First Lieutenant (Dr.) William T. Fitzsimons was an Army surgeon and the first American Army officer killed in the Great War. He died in a German air raid near Pas-de-Calais on 4 September 1917.
In March 2015 I wrote a piece about Theodore Roosevelt and Ernest Hemingway both beginning their careers with the Kansas City Star in October 1917. Colonel Roosevelt’s contract with the Star began on 1 October but he pounded out a few editorials, the first of nearly 120 weekly contributions until his death in January 1919, prior to his official start date. The first Roosevelt article was about Dr. William T. Fitzsimons, a first lieutenant in the Army Medical Reserve Corps killed in France on 4 September 1917. Dr. Fitzsimons was the first United States Army officer killed in the Great War.
I have been writing during the centennial about the career of Dr. Robert D. Schrock, a surgeon with Base Hospital No. 9. Lieutenant Fitzsimons was part of this same desire that many physicians had to tend the wounded. Like Schrock, Fitzsimons was from the Midwest, graduated from medical school just prior to the war, trained as a young doctor in New York City in the early 1910s (in Fitzsimon’s case at Roosevelt Hospital), and sought his way to contribute to the effort. Fitzsimons sailed to Europe on a Red Cross transport ship from Brooklyn’s Bush Terminal in early September 1914 and began working in a hospital in England on 1 October as a civilian volunteer. Dr. Fitzsimons returned to the United States after his stint, taught medicine at the University of Kansas for a time, and joined the military on 27 March 1917, about ten days prior to Congress’s declaration of war. He was sent to France right away.

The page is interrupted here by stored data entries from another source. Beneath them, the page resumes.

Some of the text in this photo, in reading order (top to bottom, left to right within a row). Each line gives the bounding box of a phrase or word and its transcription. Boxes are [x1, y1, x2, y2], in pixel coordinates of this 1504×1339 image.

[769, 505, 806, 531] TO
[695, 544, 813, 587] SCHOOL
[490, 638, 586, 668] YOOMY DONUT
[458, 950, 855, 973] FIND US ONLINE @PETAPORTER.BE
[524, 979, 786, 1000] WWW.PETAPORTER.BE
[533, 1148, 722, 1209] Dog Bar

First Lieutenant William T. Fitzsimons (seated far left) in England, circa 1915. On 4 September 1917, the same day that Fitzsimons happened to be killed, the Kansas City Star announced that Theodore Roosevelt was joining its editorial staff. Roosevelt’s first piece was about Fitzsimons and published on 17 September, two weeks before his contract officially began.

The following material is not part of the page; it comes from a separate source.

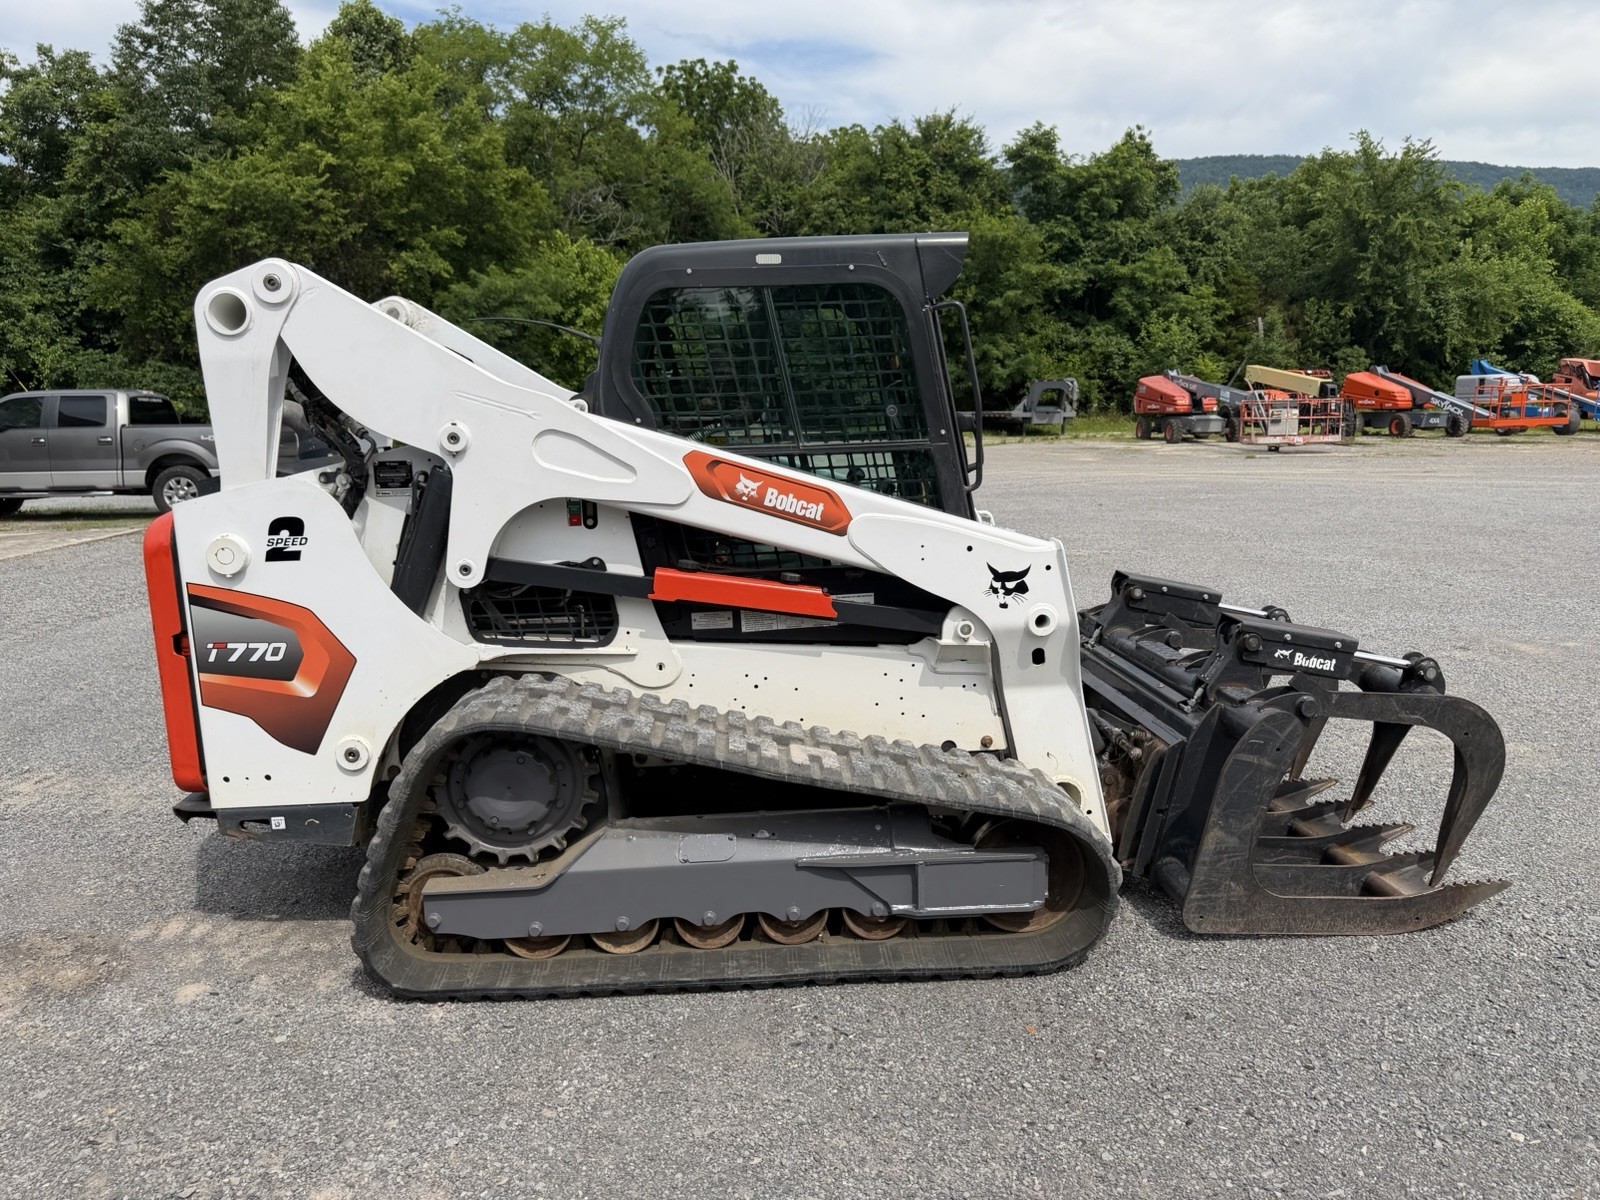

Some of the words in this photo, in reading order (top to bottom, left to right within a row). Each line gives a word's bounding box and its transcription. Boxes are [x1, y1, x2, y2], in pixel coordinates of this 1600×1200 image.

Lieutenant Fitzsimons was on staff at Base Hospital No. 5 in near Calais by late August. On the evening of 4 September 1917 he was killed in a German air raid. Roosevelt’s tribute, his first article for the Kansas City Star, appeared on 17 September. Roosevelt hammered away at the two themes that would consume him in the coming months: German brutality and American unpreparedness. Fitzsimons was the first American Army officer to be killed in the First World War. Roosevelt’s tribute one of the first but not the last. Army Hospital 21 in Denver became Fitzsimons Army Hospital in 1920. Ten years after that the young doctor’s mother, Catherine Fitzsimons, traveled from Kansas City to the military cemetery at the Somme to see her son’s resting place. In 1955 First Lady Mamie Eisenhower dedicated an oil painting of Fitzsimons at the Colorado hospital named for him twenty-five years previously. Five years after that author A. A. Hochling published The Fierce Lambs, a history/biography of Lieutenant William T. Fitzsimons, Corporal James Bethel Cresham, Private Thomas F. Enright and Private Merle Hay. The latter three of whom were killed later that fall, the first Americans killed in actual combat. Today some of the personal effects found on Dr. Fitzsimons when he was killed are on display at the National World War I Museum and Memorial in Kansas City.